I am a lonely nerd. I go on to Facebook and find people with 300 friends. How big % of those are anything close to real friends do you think?<p>I see a lot of people having contacts that are just like "went to the same high school and probably didn't ever say many words to each other".<p>I still find it depressing though but at the same time inspiring.
Depressing because it made me realize how lonely I am but inspired because it makes me think I have to do something about my situation. I want friends, I don't want to be alone.<p>But I'm not someone that you like 5 mins after meeting.
======
baguasquirrel
It's a mixed bag. I know plenty of folks in college who were good at mining
connections. Everyone made "friends" with them because it was thought these
kids would "succeed". These were the folks who could rack up 600 connections,
but we all knew that they weren't friends with all those people.
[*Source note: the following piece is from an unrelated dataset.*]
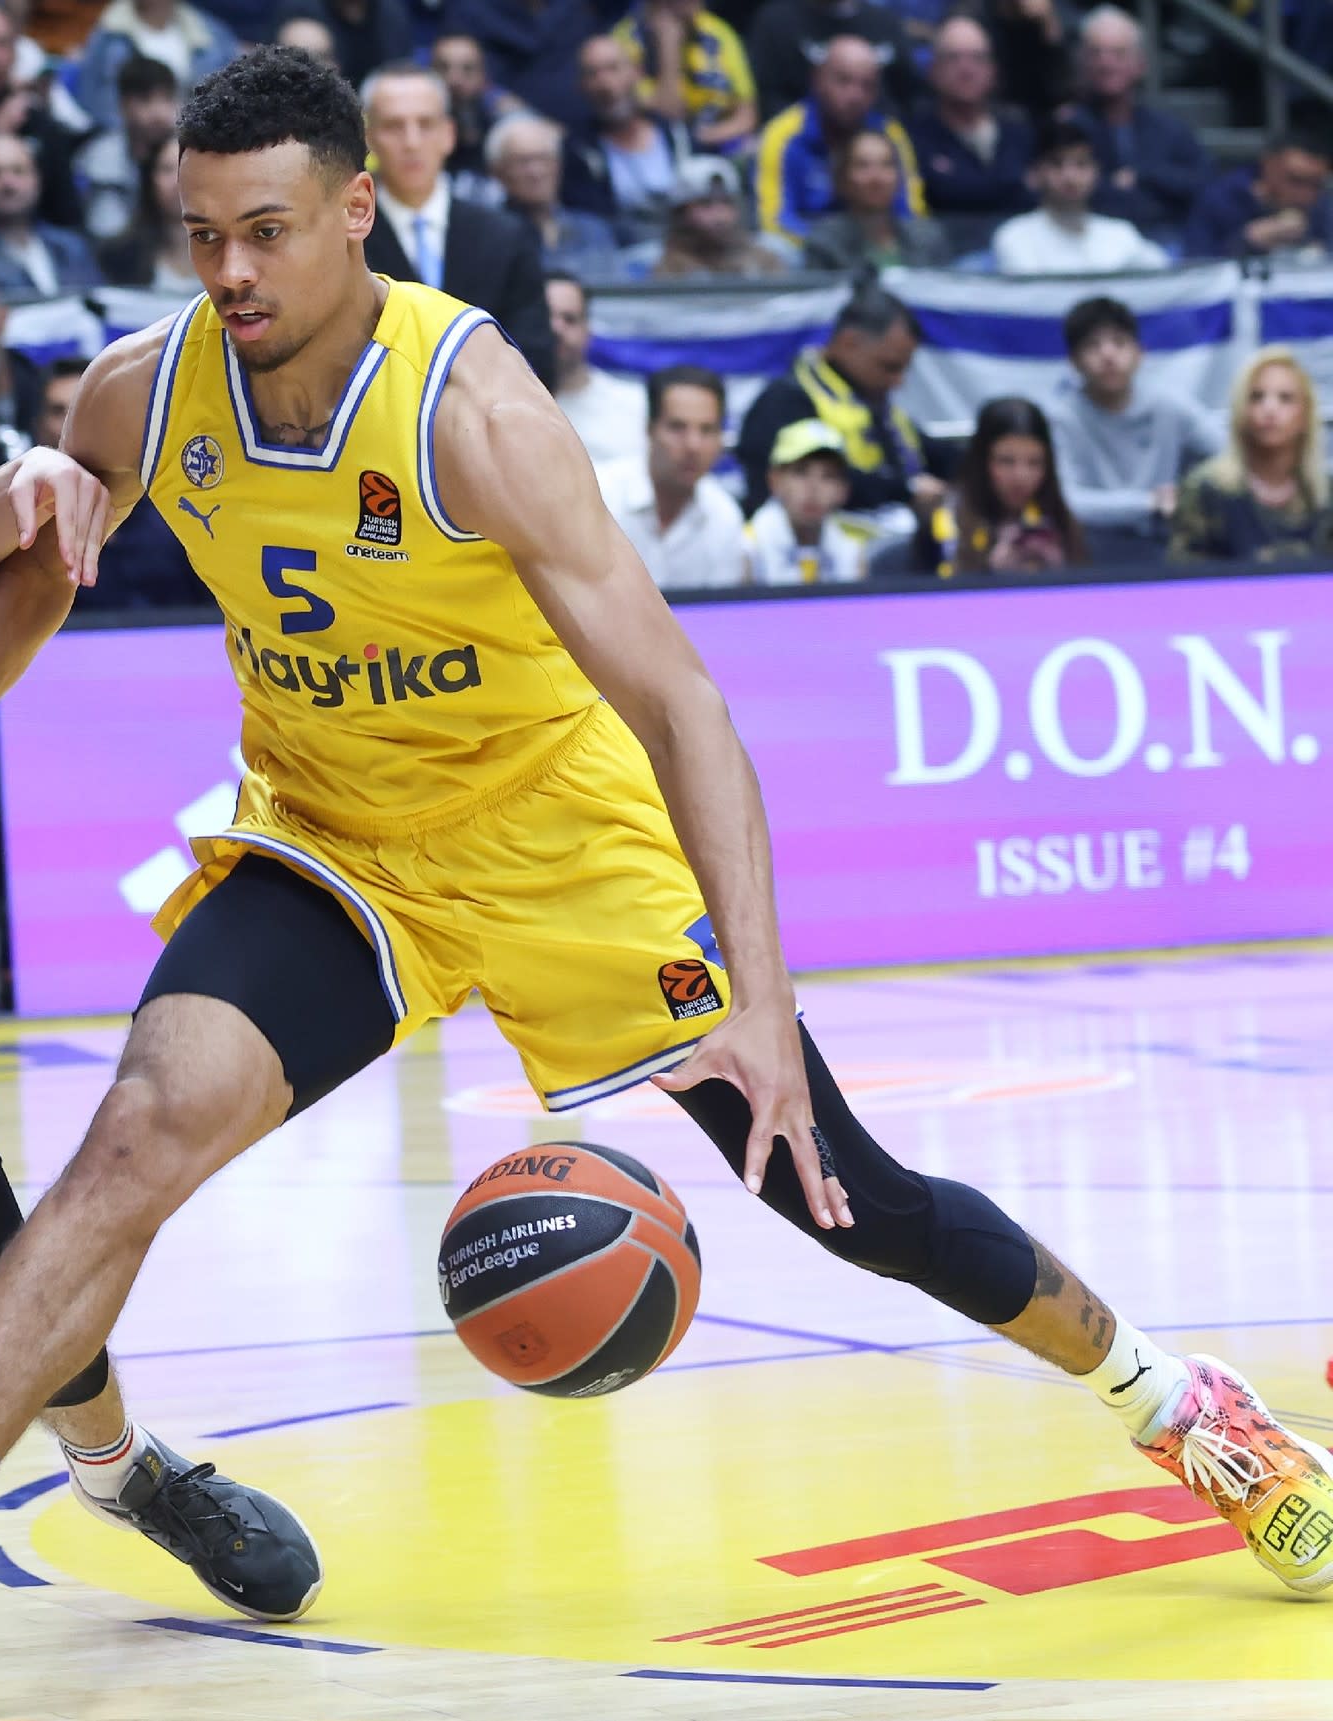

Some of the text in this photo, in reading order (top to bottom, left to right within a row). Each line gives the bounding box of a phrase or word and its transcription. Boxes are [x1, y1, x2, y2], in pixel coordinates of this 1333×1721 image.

I personally straddled that line myself, though in a different way. Being a
leader of any student organization is likely to boost your friend count by
around 100, and I had held important positions in two. But at the end of the
day, that's not how many close friends you have.

Demographics can also make a difference. If you went to a big high school--
say 800 kids per class --you'd probably chit-chat with around 200 other kids
on a regular basis. I had friends who did events with other schools in
upstate, and that kicked up the contact list even more. Things like that can
inordinately inflate your friend count on FB. But again, you were probably
only close to maybe twelve of all those kids you knew from high school.

In all, I feel that Facebook was a tool to keep track of all the people you
met in college (while you were still there). After you leave school, it
becomes a tool to keep in touch with them occasionally. The other major use
seems to be procrastination and banter. By no means is it a true count of how
many friends you have.

------
yan
About 80-90% of the people that are my Facebook friends are what I'd consider
real friends. As in, if I saw them on the street I'd come up to them and start
a conversation without feeling awkward or mentioning when we last saw each
other. Then again, I have ~180 friends, not like 500+ that some of my friends
have.

------
makecheck
I'm not sure how good an indicator the overall count is. For one thing, you
might not even find everyone you know on Facebook.

I figure there are two ways to use these sites. One, you could connect with
everyone you've ever known, regardless of how well you know them (and end up
with 300 "friends", most of whom are really just "acquaintances"). Or two,
judiciously invite the people you actually care about and/or are likely to see
anytime soon. I choose the latter, whether it's Facebook or other sites like
LinkedIn.

With a short list, it's easier to find the people you're likely to want to
talk to in the near future. Plus, you then receive only limited spam about the
mundane details of other people's lives. :)

------
adatta02
<disclaimer> I'm pretty drunk </disclaimer> So what happens when you graduate?
is it proper form to go through and un-friend everyone? Or do you just let the
connections sit around stale?

And then to add to the confusion my LinkedIn social graph is wildly
disconnected from my Facebook social graph. When do I de-friend? When do I
only network "professionally"? Why am I even on a social network?

</drunk>

------
buugs
>But I'm not someone that you like 5 mins after meeting.

Change your attitude and youll be a better friend, and rather than spending
time on the computer pulling the woe is me story just go out and meet people,
someones bound to like you as a friend.

------
omarchowdhury
Good God get a hold of your self man.